Я выхожу на улицу, в январскую оттепель, которая пахнет апрельским лесом — и мир ярок, как любой из миров бесконечной Вселенной. У меня случается ослепительный приступ любви к бытию. Я, проживший уже несколько жизней, кажусь себе старым
Мой родной мир не из утопических, но среди миров, по которым мы бродим, еще не попался рай. Мой персонаж — писатель, живущий в тяжелое время. Я выхожу назад, на Землю, в Питер, в двадцать первый век — как в любую из самых безумных фантазий. Вялотекущий Апокалипсис, который меня окружает, кажется мне любопытной темой для разработки.
Моя жизнь полна смысла.
Вероятно, правильнее сказать — каждая из моих жизней полна смысла. Меня почти не волнуют драматические расклады; делая записи после путешествия, я не пытаюсь уложить свои впечатления в сюжет. Я всего-навсего обживаюсь в чужих душах. Меня не особенно волнует, хороши или плохи мои «роли» с точки зрения обычной морали — я существую за гранью добра и зла. Я впитываю чужие чувства и чужой опыт, как губка — и какого свойства этот опыт, мне безразлично.
Пока уж слишком сильно не торкнет.
Однажды я открываю тот самый мир, который показывал кандидаткам в воительницы. Андрей влетает в яркое лето — и в первый миг мне кажется, что он остается таким же коротышкой, как и был, даже ниже, пожалуй. В его фигуре и движениях что-то неуловимо меняется.
На нем — темная туника, затасканная кожаная безрукавка, кожаные штаны. Он босой — от постоянной ходьбы босиком кожа на его ступнях задубела, как грязный панцирь. Несет суконный мешок, захлестнутый ремешком; содержимое мешка выпирает острыми углами.
Он оборачивается ко мне, смотрит снизу вверх, как-то скособочась, искоса. Я вижу его лицо, перечеркнутое старым, скверно зажившим шрамом, лоб, полузакрытый длинной сивой челкой с неожиданной проседью; взгляд больших ярких глаз пристальный и испытывающий.
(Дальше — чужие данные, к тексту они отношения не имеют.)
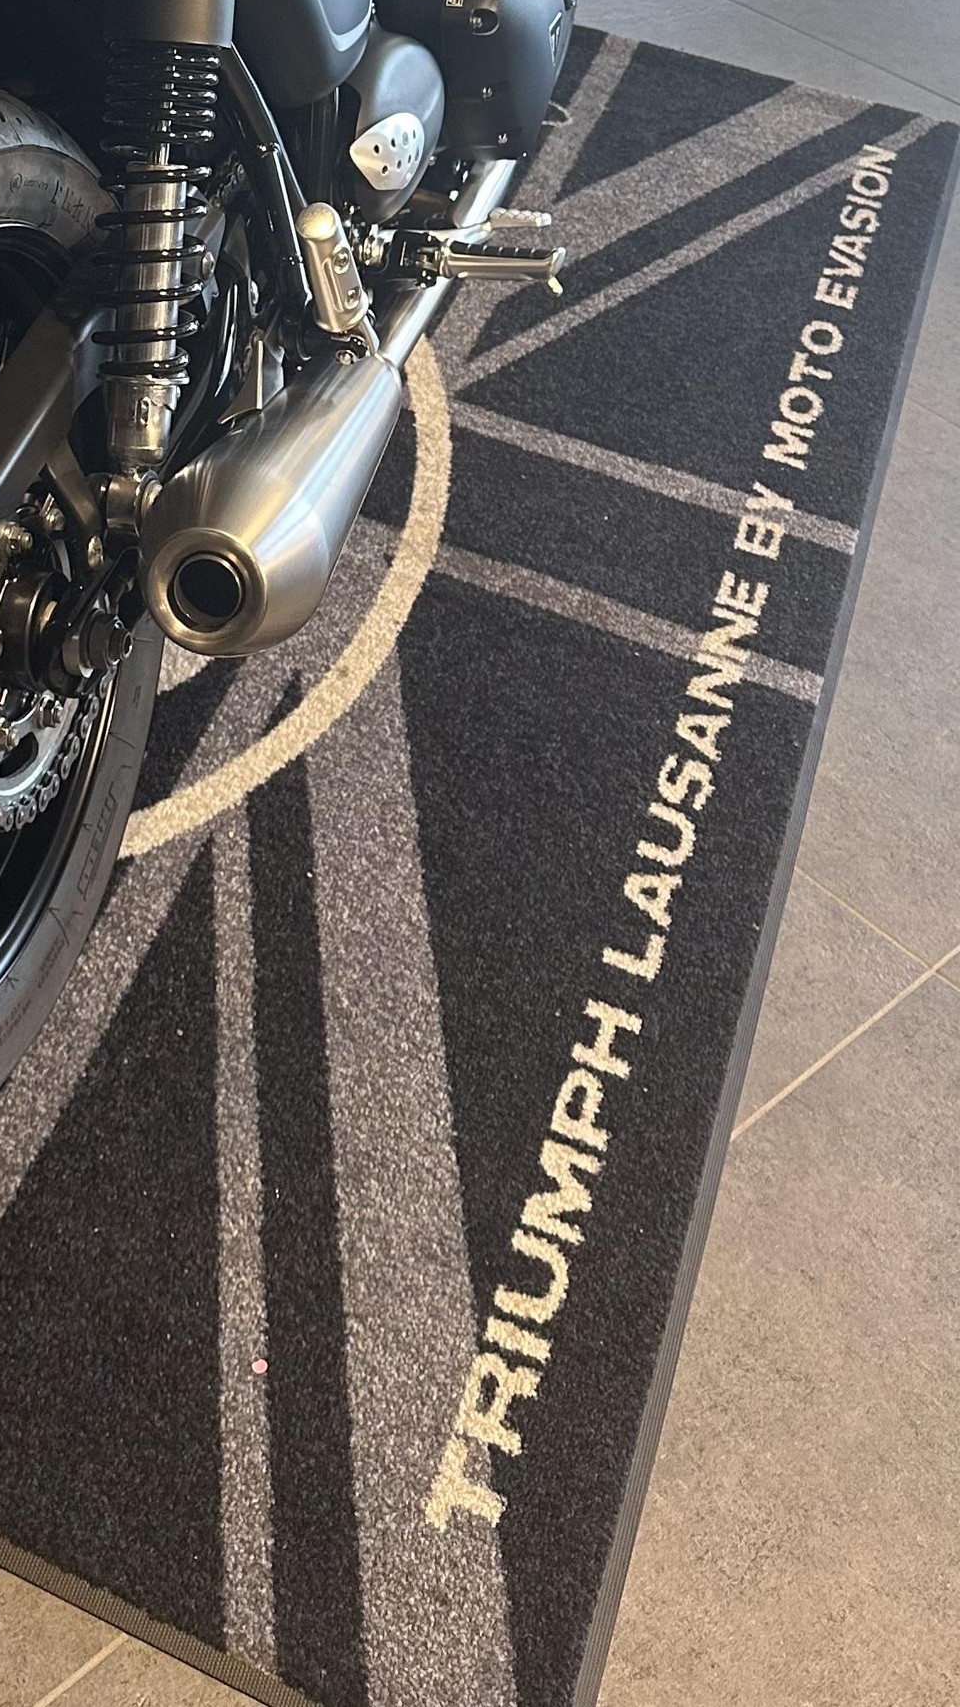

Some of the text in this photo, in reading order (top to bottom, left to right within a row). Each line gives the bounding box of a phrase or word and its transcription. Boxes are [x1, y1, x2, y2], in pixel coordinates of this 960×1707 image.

Он — коренастый горбатый карлик.
Я шагаю в чужой июль, как в пропасть.
Спотыкаюсь и чуть не падаю. Что-то голова закружилась.
Усмехаюсь, сплевываю. Дрянь было вино, уксус пополам с овечьей мочой, а не вино… до сих пор во рту привкус этой отравы… но где ж я пил?
Даже останавливаюсь. Не помню. Мгновенный страх полосует, как бичом. С ума схожу, что ли?
Карлик подбегает и заглядывает в глаза снизу вверх.
— Мэтр, вы чего, а?
Потираю лоб.
— Погоди, погоди… жарко что-то…
Дотрагивается до меня скорченной птичьей лапкой, которая служит ему вместо руки. На ней — три пальца, как и полагается птичьей лапке. На месте безымянного и мизинца — шершавые обрубки.